*Problem to solve*: Output the entries word for word. Omit images.
**** Input data
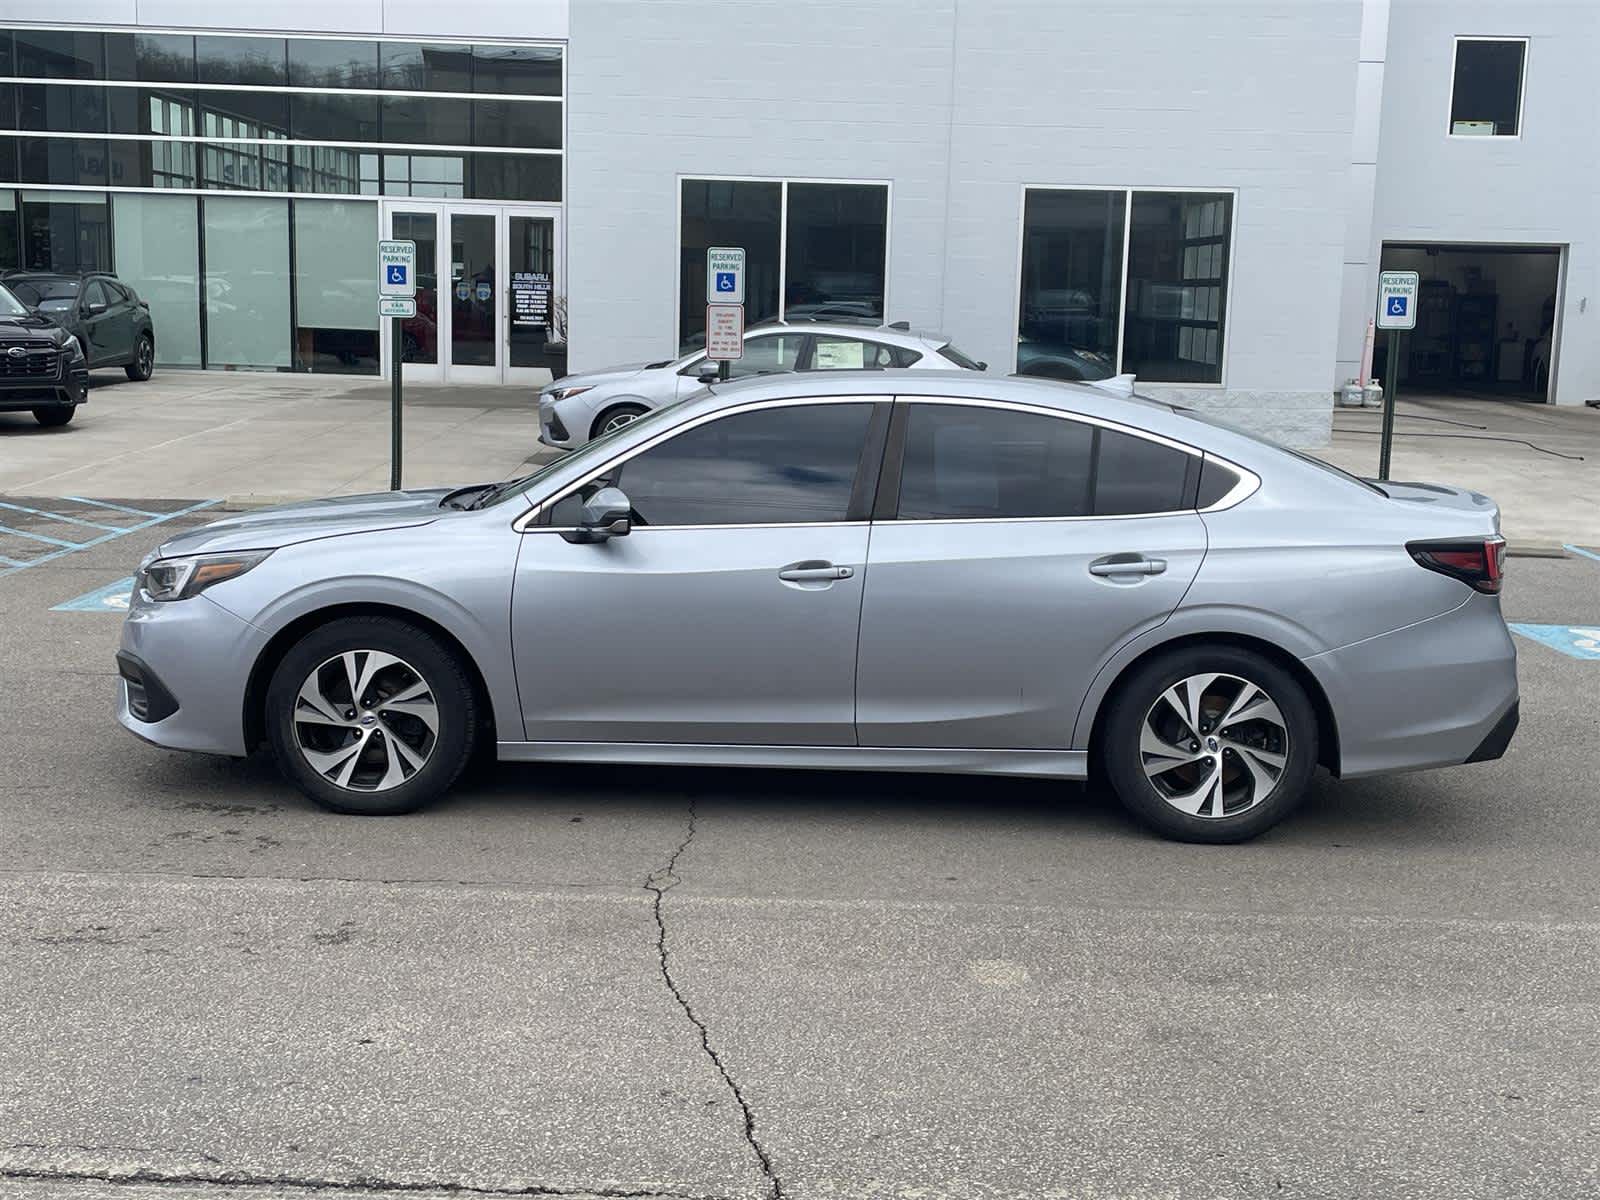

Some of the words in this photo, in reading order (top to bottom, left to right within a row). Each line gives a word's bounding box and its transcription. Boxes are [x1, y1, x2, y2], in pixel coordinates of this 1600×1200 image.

[381, 245, 412, 254] RESERVED
[383, 255, 411, 263] PARKING
[711, 253, 742, 261] RESERVED
[713, 262, 740, 270] PARKING
[514, 272, 549, 281] SUBARU
[1383, 277, 1416, 286] RESERVED
[1384, 287, 1413, 295] PARKING
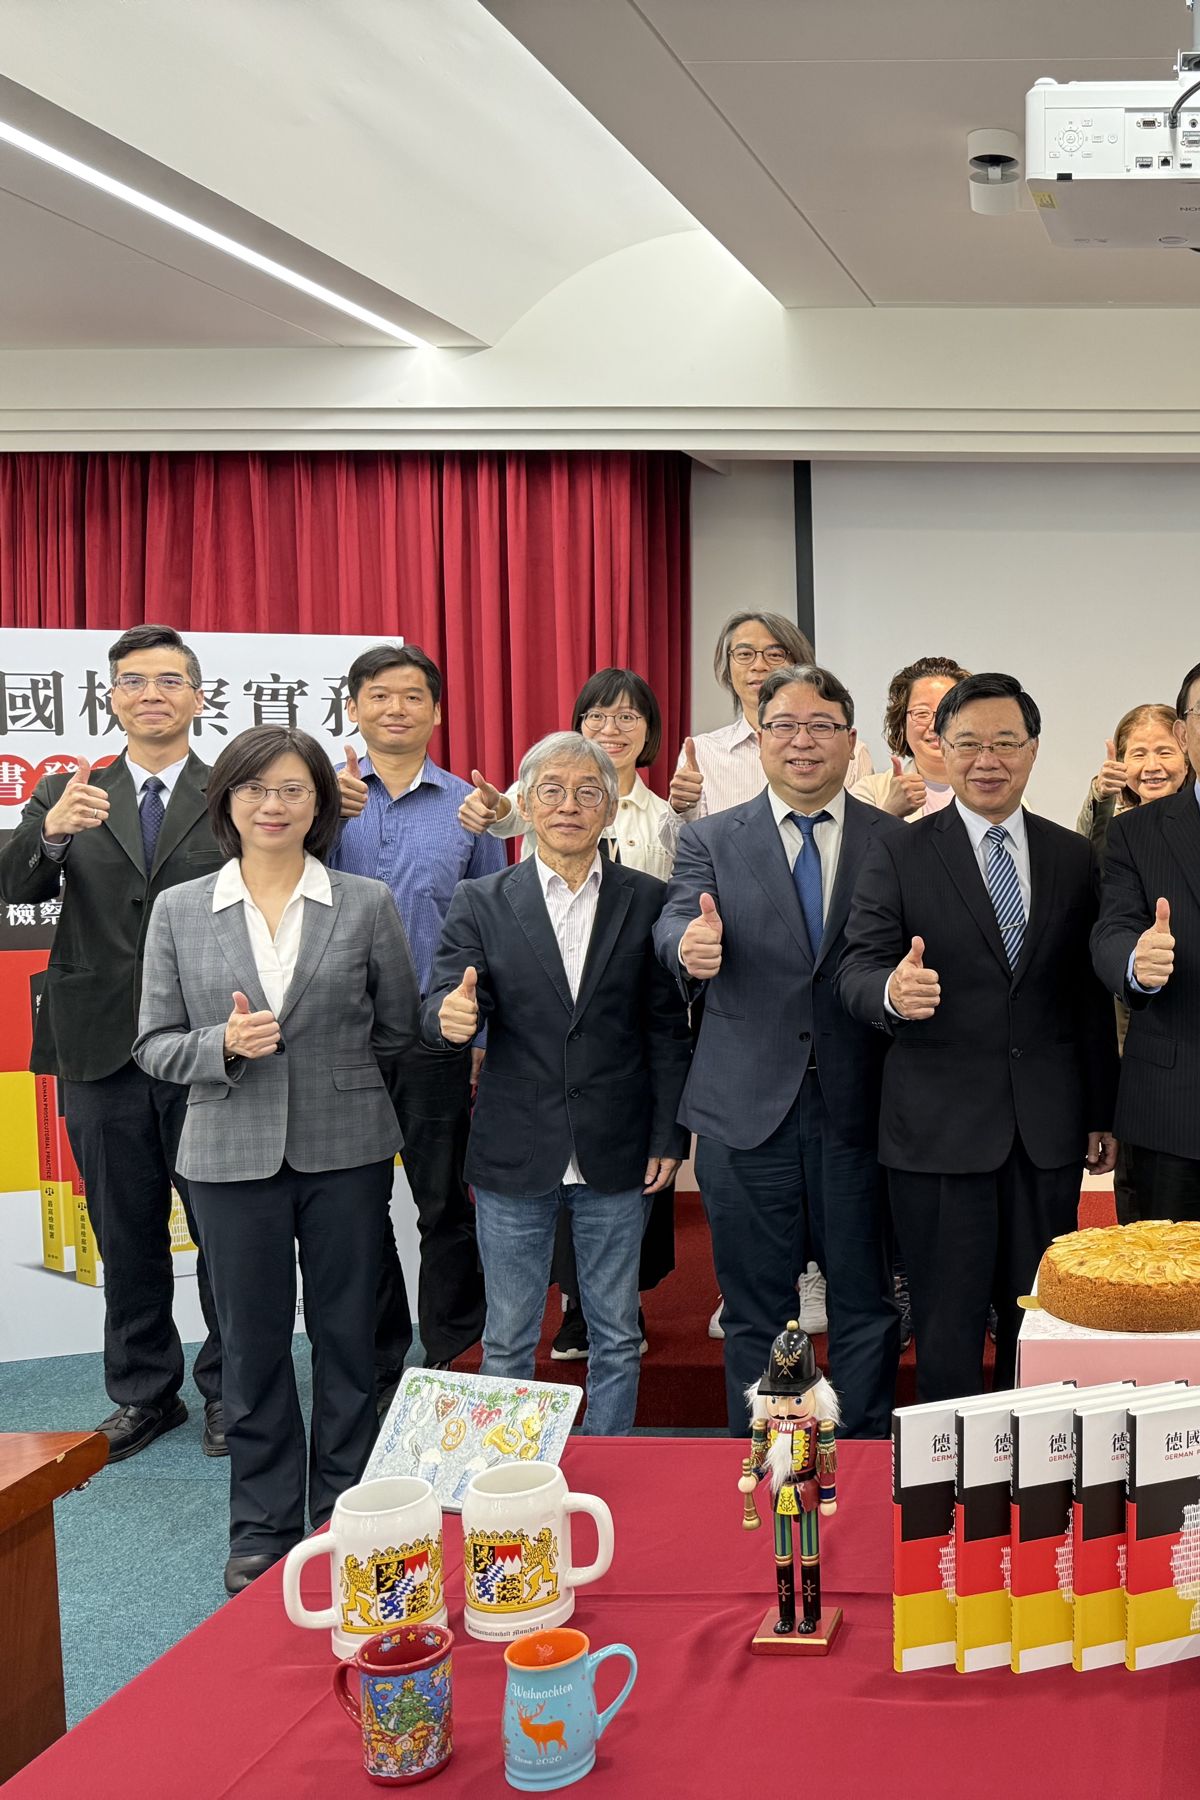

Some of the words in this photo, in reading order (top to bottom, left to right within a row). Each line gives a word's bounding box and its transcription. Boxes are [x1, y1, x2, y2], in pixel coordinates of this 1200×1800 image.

[931, 1433, 950, 1454] 德
[1165, 1450, 1194, 1460] GERMAN
[511, 1682, 573, 1700] Weihnachten
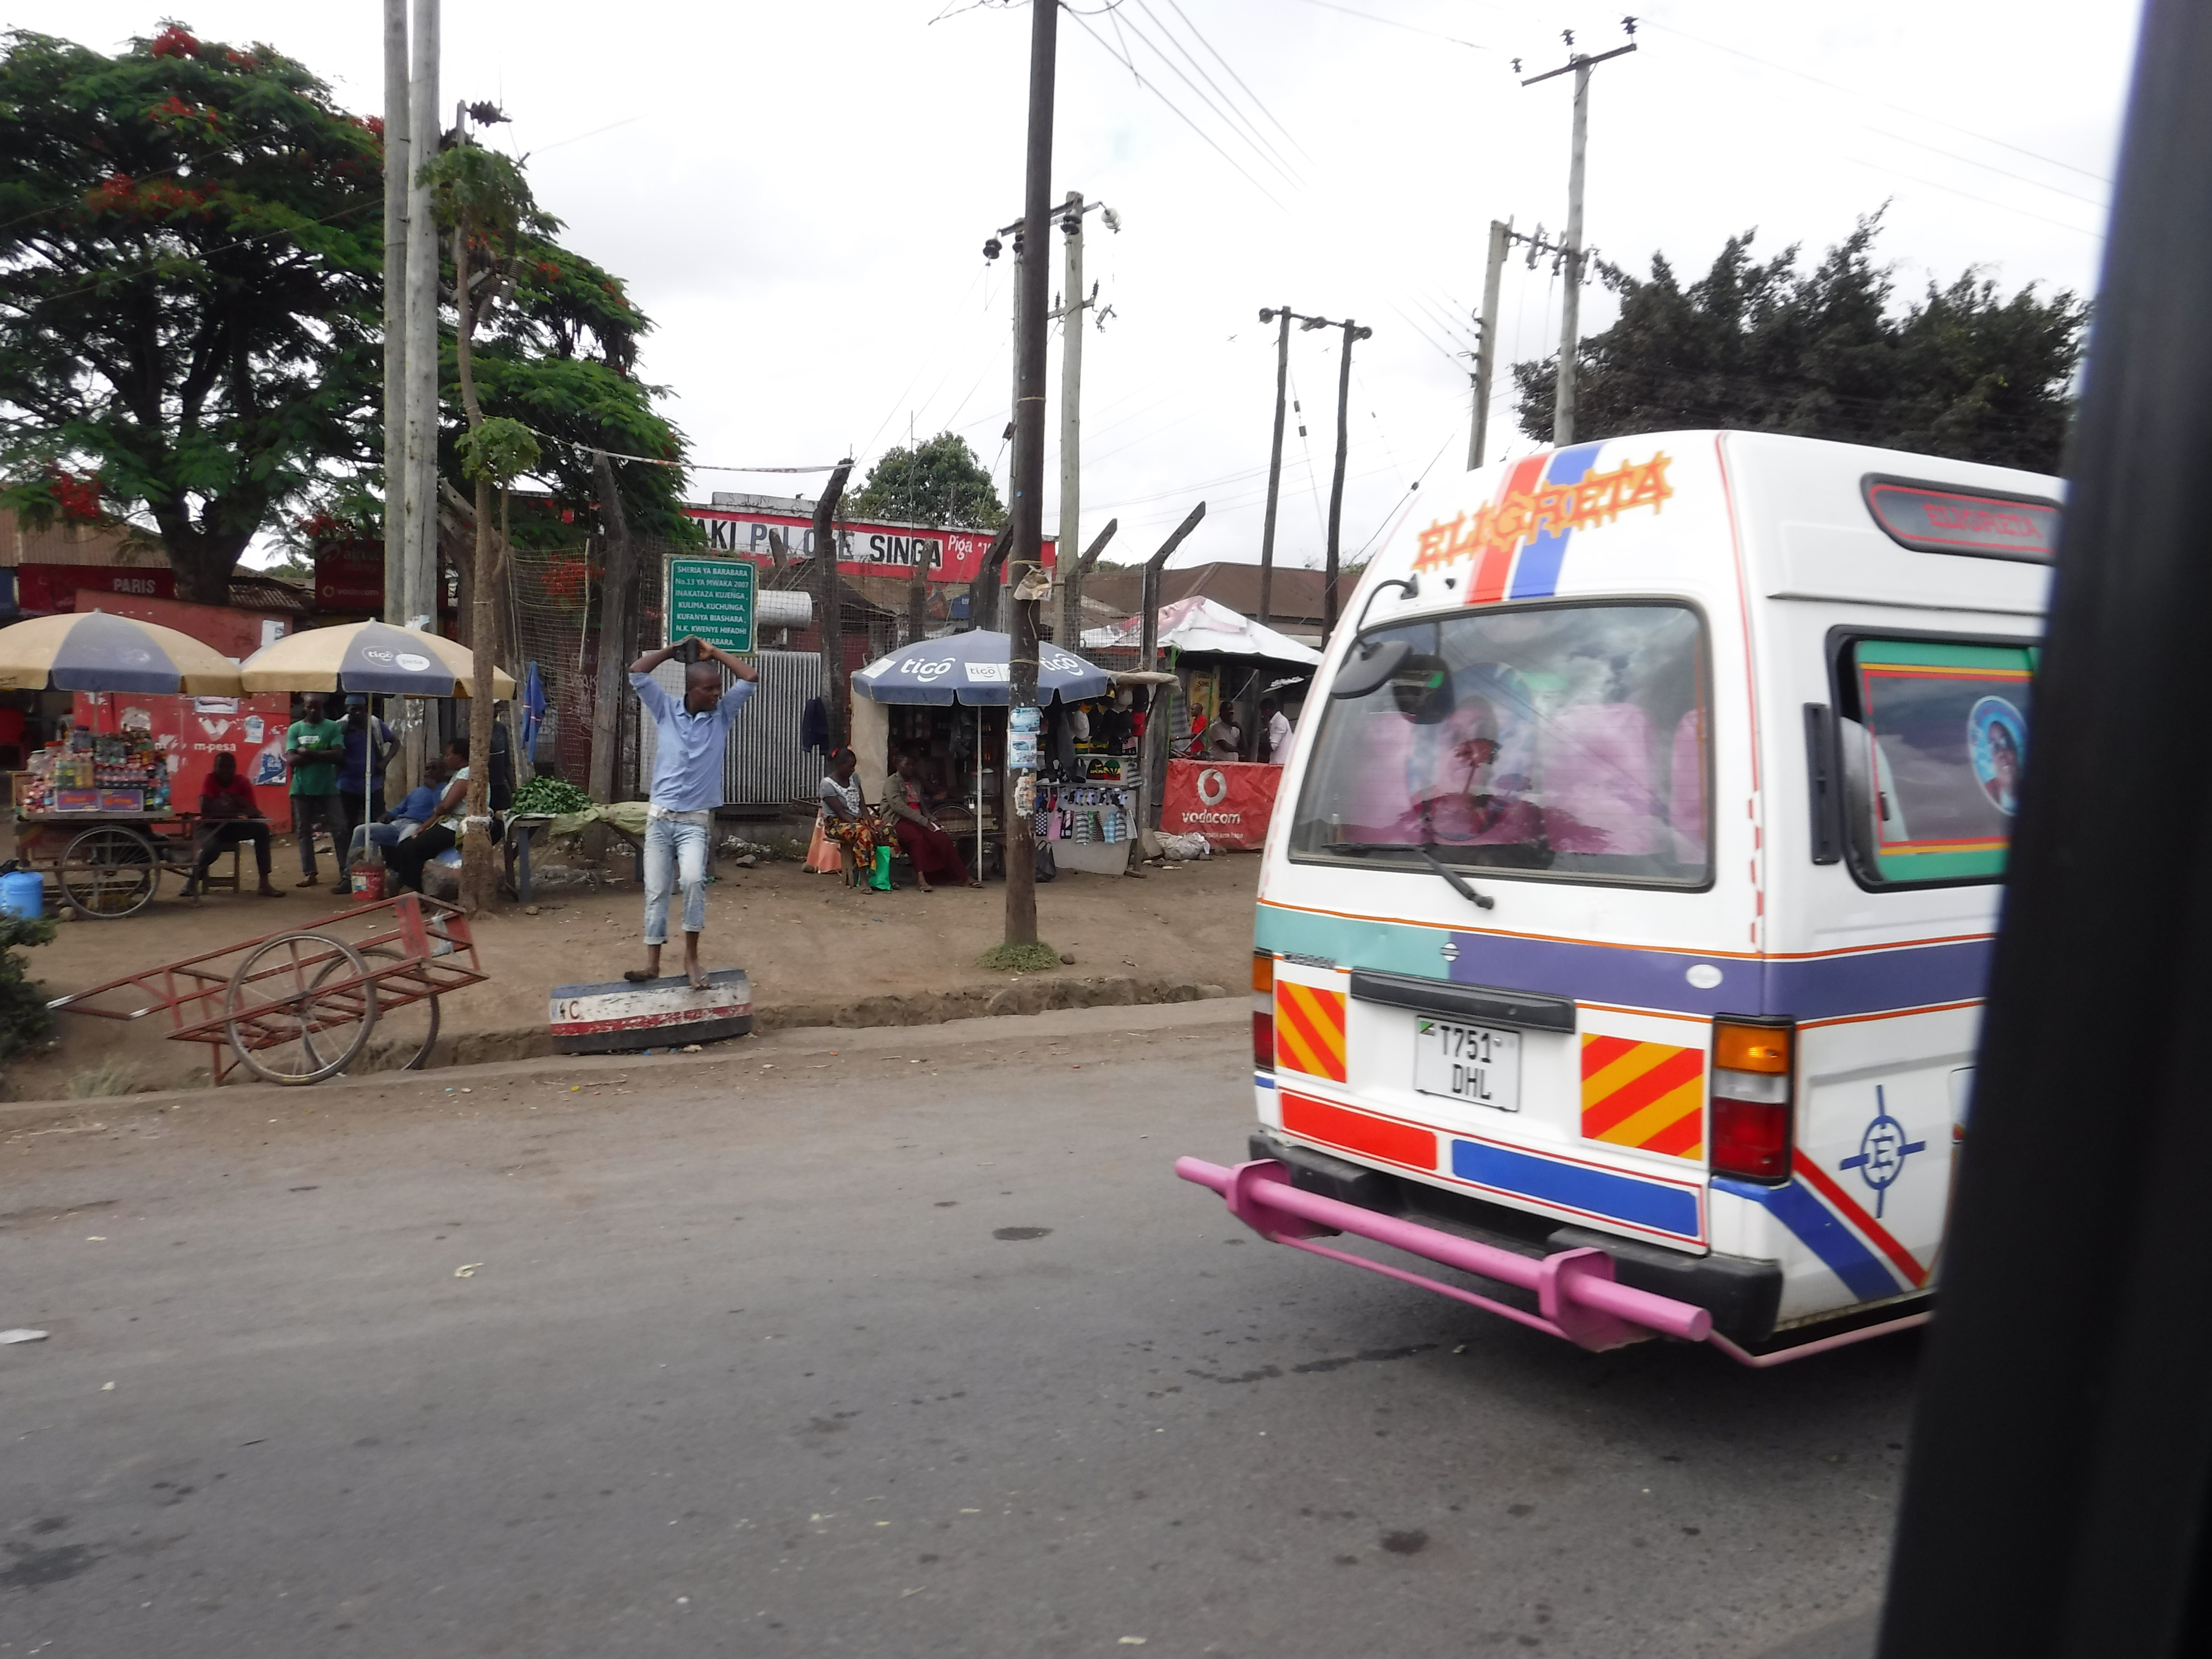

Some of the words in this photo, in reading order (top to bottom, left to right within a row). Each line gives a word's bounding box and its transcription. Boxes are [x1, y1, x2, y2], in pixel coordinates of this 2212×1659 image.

[948, 534, 973, 561] Piga
[712, 568, 748, 577] BARABARA
[114, 578, 156, 593] PARIS
[901, 658, 956, 682] tigo
[194, 743, 237, 753] m-pesa
[1181, 809, 1241, 824] vodacom
[1440, 1025, 1491, 1063] T751
[1453, 1063, 1491, 1100] DHL
********
*Response to the exercise*:
Some of the words in this photo, in reading order (top to bottom, left to right within a row). Each line gives a word's bounding box and its transcription. Boxes are [x1, y1, x2, y2], in pixel coordinates of this 1600×1200 image.

[381, 245, 412, 254] RESERVED
[383, 255, 411, 263] PARKING
[711, 253, 742, 261] RESERVED
[713, 262, 740, 270] PARKING
[514, 272, 549, 281] SUBARU
[1383, 277, 1416, 286] RESERVED
[1384, 287, 1413, 295] PARKING

Some of the words in this photo, in reading order (top to bottom, left to right within a row). Each line gives a word's bounding box and its transcription. Boxes are [x1, y1, x2, y2], in pixel coordinates of this 1200×1800 image.

[931, 1433, 950, 1454] 德
[1165, 1450, 1194, 1460] GERMAN
[511, 1682, 573, 1700] Weihnachten

Some of the words in this photo, in reading order (top to bottom, left to right within a row). Each line gives a word's bounding box and its transcription. Boxes are [x1, y1, x2, y2], in pixel coordinates of this 2212×1659 image.

[948, 534, 973, 561] Piga
[712, 568, 748, 577] BARABARA
[114, 578, 156, 593] PARIS
[901, 658, 956, 682] tigo
[194, 743, 237, 753] m-pesa
[1181, 809, 1241, 824] vodacom
[1440, 1025, 1491, 1063] T751
[1453, 1063, 1491, 1100] DHL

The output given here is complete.